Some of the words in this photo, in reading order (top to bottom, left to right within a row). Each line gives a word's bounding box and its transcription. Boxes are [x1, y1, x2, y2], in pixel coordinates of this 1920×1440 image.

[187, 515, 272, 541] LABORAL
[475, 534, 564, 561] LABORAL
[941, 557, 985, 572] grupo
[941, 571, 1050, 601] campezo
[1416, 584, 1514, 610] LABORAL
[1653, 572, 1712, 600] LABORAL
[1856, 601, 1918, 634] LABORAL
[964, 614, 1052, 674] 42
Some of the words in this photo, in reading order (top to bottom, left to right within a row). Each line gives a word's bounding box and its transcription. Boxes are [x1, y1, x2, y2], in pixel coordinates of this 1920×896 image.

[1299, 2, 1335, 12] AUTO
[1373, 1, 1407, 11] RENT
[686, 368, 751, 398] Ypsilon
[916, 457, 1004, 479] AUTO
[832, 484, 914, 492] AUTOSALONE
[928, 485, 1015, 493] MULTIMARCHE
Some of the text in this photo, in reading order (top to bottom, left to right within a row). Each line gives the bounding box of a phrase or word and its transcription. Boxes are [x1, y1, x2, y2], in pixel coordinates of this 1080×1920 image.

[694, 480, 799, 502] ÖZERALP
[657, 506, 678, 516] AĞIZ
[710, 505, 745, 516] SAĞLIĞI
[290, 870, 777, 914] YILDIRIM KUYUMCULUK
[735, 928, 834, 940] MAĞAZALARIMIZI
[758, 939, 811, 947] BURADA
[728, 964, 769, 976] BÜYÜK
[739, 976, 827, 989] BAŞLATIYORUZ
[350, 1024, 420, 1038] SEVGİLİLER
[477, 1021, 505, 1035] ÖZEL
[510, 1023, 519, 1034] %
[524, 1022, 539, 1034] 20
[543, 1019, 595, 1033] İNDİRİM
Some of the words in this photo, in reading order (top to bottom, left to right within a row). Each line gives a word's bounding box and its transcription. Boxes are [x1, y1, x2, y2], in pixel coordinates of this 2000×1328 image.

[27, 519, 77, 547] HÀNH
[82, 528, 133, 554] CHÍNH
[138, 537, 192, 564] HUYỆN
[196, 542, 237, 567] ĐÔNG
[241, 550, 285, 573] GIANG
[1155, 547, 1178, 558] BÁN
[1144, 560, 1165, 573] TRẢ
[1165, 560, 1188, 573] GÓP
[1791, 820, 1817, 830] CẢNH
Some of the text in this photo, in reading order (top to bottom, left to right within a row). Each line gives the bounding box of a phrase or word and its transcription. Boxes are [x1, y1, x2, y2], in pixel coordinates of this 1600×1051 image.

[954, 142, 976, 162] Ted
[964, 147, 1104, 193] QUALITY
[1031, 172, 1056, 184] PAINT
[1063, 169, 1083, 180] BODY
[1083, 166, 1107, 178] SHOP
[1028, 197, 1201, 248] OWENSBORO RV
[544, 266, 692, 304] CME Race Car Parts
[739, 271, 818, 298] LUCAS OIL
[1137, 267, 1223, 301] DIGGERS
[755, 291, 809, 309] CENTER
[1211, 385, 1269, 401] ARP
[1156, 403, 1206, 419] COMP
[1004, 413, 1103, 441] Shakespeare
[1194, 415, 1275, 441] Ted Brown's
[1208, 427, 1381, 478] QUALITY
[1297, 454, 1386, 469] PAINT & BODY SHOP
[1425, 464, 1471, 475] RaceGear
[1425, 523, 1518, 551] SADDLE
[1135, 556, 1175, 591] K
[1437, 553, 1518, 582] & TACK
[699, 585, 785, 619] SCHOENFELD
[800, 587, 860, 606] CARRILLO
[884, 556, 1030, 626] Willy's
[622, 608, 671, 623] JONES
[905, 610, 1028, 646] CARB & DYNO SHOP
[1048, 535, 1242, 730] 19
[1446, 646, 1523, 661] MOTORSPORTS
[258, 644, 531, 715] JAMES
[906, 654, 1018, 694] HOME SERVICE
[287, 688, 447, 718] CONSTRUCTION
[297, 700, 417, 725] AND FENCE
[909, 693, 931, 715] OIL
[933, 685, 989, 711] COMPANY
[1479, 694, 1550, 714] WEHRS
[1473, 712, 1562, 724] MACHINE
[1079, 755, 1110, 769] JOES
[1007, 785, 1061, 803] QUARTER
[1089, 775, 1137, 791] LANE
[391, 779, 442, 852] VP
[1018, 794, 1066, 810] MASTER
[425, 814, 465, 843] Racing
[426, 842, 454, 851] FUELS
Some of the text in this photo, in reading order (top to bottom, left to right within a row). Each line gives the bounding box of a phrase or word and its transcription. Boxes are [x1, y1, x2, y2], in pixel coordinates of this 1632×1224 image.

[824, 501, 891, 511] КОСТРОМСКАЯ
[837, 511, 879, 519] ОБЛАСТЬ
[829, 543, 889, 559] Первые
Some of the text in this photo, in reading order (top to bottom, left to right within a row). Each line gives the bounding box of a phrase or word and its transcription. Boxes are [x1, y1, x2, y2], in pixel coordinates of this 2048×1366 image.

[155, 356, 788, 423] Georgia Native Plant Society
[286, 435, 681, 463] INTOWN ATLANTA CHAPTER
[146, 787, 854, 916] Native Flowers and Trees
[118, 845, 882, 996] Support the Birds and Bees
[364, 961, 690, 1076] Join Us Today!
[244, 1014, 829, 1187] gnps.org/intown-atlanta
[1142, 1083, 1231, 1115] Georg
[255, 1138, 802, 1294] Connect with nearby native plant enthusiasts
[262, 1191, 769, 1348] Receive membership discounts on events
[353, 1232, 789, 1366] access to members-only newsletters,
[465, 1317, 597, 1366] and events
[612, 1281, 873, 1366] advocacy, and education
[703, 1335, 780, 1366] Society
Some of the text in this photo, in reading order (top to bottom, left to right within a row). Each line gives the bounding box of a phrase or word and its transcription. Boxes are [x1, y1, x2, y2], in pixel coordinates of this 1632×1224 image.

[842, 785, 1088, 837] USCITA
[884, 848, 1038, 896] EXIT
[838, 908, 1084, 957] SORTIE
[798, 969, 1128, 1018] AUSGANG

(What you will do) Extract all of the data above and output it character for character.

(Expected output)
Some of the words in this photo, in reading order (top to bottom, left to right within a row). Each line gives a word's bounding box and its transcription. Boxes are [x1, y1, x2, y2], in pixel coordinates of this 1920×1440 image.

[187, 515, 272, 541] LABORAL
[475, 534, 564, 561] LABORAL
[941, 557, 985, 572] grupo
[941, 571, 1050, 601] campezo
[1416, 584, 1514, 610] LABORAL
[1653, 572, 1712, 600] LABORAL
[1856, 601, 1918, 634] LABORAL
[964, 614, 1052, 674] 42
Some of the words in this photo, in reading order (top to bottom, left to right within a row). Each line gives a word's bounding box and its transcription. Boxes are [x1, y1, x2, y2], in pixel coordinates of this 1920×896 image.

[1299, 2, 1335, 12] AUTO
[1373, 1, 1407, 11] RENT
[686, 368, 751, 398] Ypsilon
[916, 457, 1004, 479] AUTO
[832, 484, 914, 492] AUTOSALONE
[928, 485, 1015, 493] MULTIMARCHE
Some of the text in this photo, in reading order (top to bottom, left to right within a row). Each line gives the bounding box of a phrase or word and its transcription. Boxes are [x1, y1, x2, y2], in pixel coordinates of this 1080×1920 image.

[694, 480, 799, 502] ÖZERALP
[657, 506, 678, 516] AĞIZ
[710, 505, 745, 516] SAĞLIĞI
[290, 870, 777, 914] YILDIRIM KUYUMCULUK
[735, 928, 834, 940] MAĞAZALARIMIZI
[758, 939, 811, 947] BURADA
[728, 964, 769, 976] BÜYÜK
[739, 976, 827, 989] BAŞLATIYORUZ
[350, 1024, 420, 1038] SEVGİLİLER
[477, 1021, 505, 1035] ÖZEL
[510, 1023, 519, 1034] %
[524, 1022, 539, 1034] 20
[543, 1019, 595, 1033] İNDİRİM
Some of the words in this photo, in reading order (top to bottom, left to right within a row). Each line gives a word's bounding box and its transcription. Boxes are [x1, y1, x2, y2], in pixel coordinates of this 2000×1328 image.

[27, 519, 77, 547] HÀNH
[82, 528, 133, 554] CHÍNH
[138, 537, 192, 564] HUYỆN
[196, 542, 237, 567] ĐÔNG
[241, 550, 285, 573] GIANG
[1155, 547, 1178, 558] BÁN
[1144, 560, 1165, 573] TRẢ
[1165, 560, 1188, 573] GÓP
[1791, 820, 1817, 830] CẢNH
Some of the text in this photo, in reading order (top to bottom, left to right within a row). Each line gives the bounding box of a phrase or word and its transcription. Boxes are [x1, y1, x2, y2], in pixel coordinates of this 1600×1051 image.

[954, 142, 976, 162] Ted
[964, 147, 1104, 193] QUALITY
[1031, 172, 1056, 184] PAINT
[1063, 169, 1083, 180] BODY
[1083, 166, 1107, 178] SHOP
[1028, 197, 1201, 248] OWENSBORO RV
[544, 266, 692, 304] CME Race Car Parts
[739, 271, 818, 298] LUCAS OIL
[1137, 267, 1223, 301] DIGGERS
[755, 291, 809, 309] CENTER
[1211, 385, 1269, 401] ARP
[1156, 403, 1206, 419] COMP
[1004, 413, 1103, 441] Shakespeare
[1194, 415, 1275, 441] Ted Brown's
[1208, 427, 1381, 478] QUALITY
[1297, 454, 1386, 469] PAINT & BODY SHOP
[1425, 464, 1471, 475] RaceGear
[1425, 523, 1518, 551] SADDLE
[1135, 556, 1175, 591] K
[1437, 553, 1518, 582] & TACK
[699, 585, 785, 619] SCHOENFELD
[800, 587, 860, 606] CARRILLO
[884, 556, 1030, 626] Willy's
[622, 608, 671, 623] JONES
[905, 610, 1028, 646] CARB & DYNO SHOP
[1048, 535, 1242, 730] 19
[1446, 646, 1523, 661] MOTORSPORTS
[258, 644, 531, 715] JAMES
[906, 654, 1018, 694] HOME SERVICE
[287, 688, 447, 718] CONSTRUCTION
[297, 700, 417, 725] AND FENCE
[909, 693, 931, 715] OIL
[933, 685, 989, 711] COMPANY
[1479, 694, 1550, 714] WEHRS
[1473, 712, 1562, 724] MACHINE
[1079, 755, 1110, 769] JOES
[1007, 785, 1061, 803] QUARTER
[1089, 775, 1137, 791] LANE
[391, 779, 442, 852] VP
[1018, 794, 1066, 810] MASTER
[425, 814, 465, 843] Racing
[426, 842, 454, 851] FUELS
Some of the text in this photo, in reading order (top to bottom, left to right within a row). Each line gives the bounding box of a phrase or word and its transcription. Boxes are [x1, y1, x2, y2], in pixel coordinates of this 1632×1224 image.

[824, 501, 891, 511] КОСТРОМСКАЯ
[837, 511, 879, 519] ОБЛАСТЬ
[829, 543, 889, 559] Первые
Some of the text in this photo, in reading order (top to bottom, left to right within a row). Each line gives the bounding box of a phrase or word and its transcription. Boxes are [x1, y1, x2, y2], in pixel coordinates of this 2048×1366 image.

[155, 356, 788, 423] Georgia Native Plant Society
[286, 435, 681, 463] INTOWN ATLANTA CHAPTER
[146, 787, 854, 916] Native Flowers and Trees
[118, 845, 882, 996] Support the Birds and Bees
[364, 961, 690, 1076] Join Us Today!
[244, 1014, 829, 1187] gnps.org/intown-atlanta
[1142, 1083, 1231, 1115] Georg
[255, 1138, 802, 1294] Connect with nearby native plant enthusiasts
[262, 1191, 769, 1348] Receive membership discounts on events
[353, 1232, 789, 1366] access to members-only newsletters,
[465, 1317, 597, 1366] and events
[612, 1281, 873, 1366] advocacy, and education
[703, 1335, 780, 1366] Society
Some of the text in this photo, in reading order (top to bottom, left to right within a row). Each line gives the bounding box of a phrase or word and its transcription. Boxes are [x1, y1, x2, y2], in pixel coordinates of this 1632×1224 image.

[842, 785, 1088, 837] USCITA
[884, 848, 1038, 896] EXIT
[838, 908, 1084, 957] SORTIE
[798, 969, 1128, 1018] AUSGANG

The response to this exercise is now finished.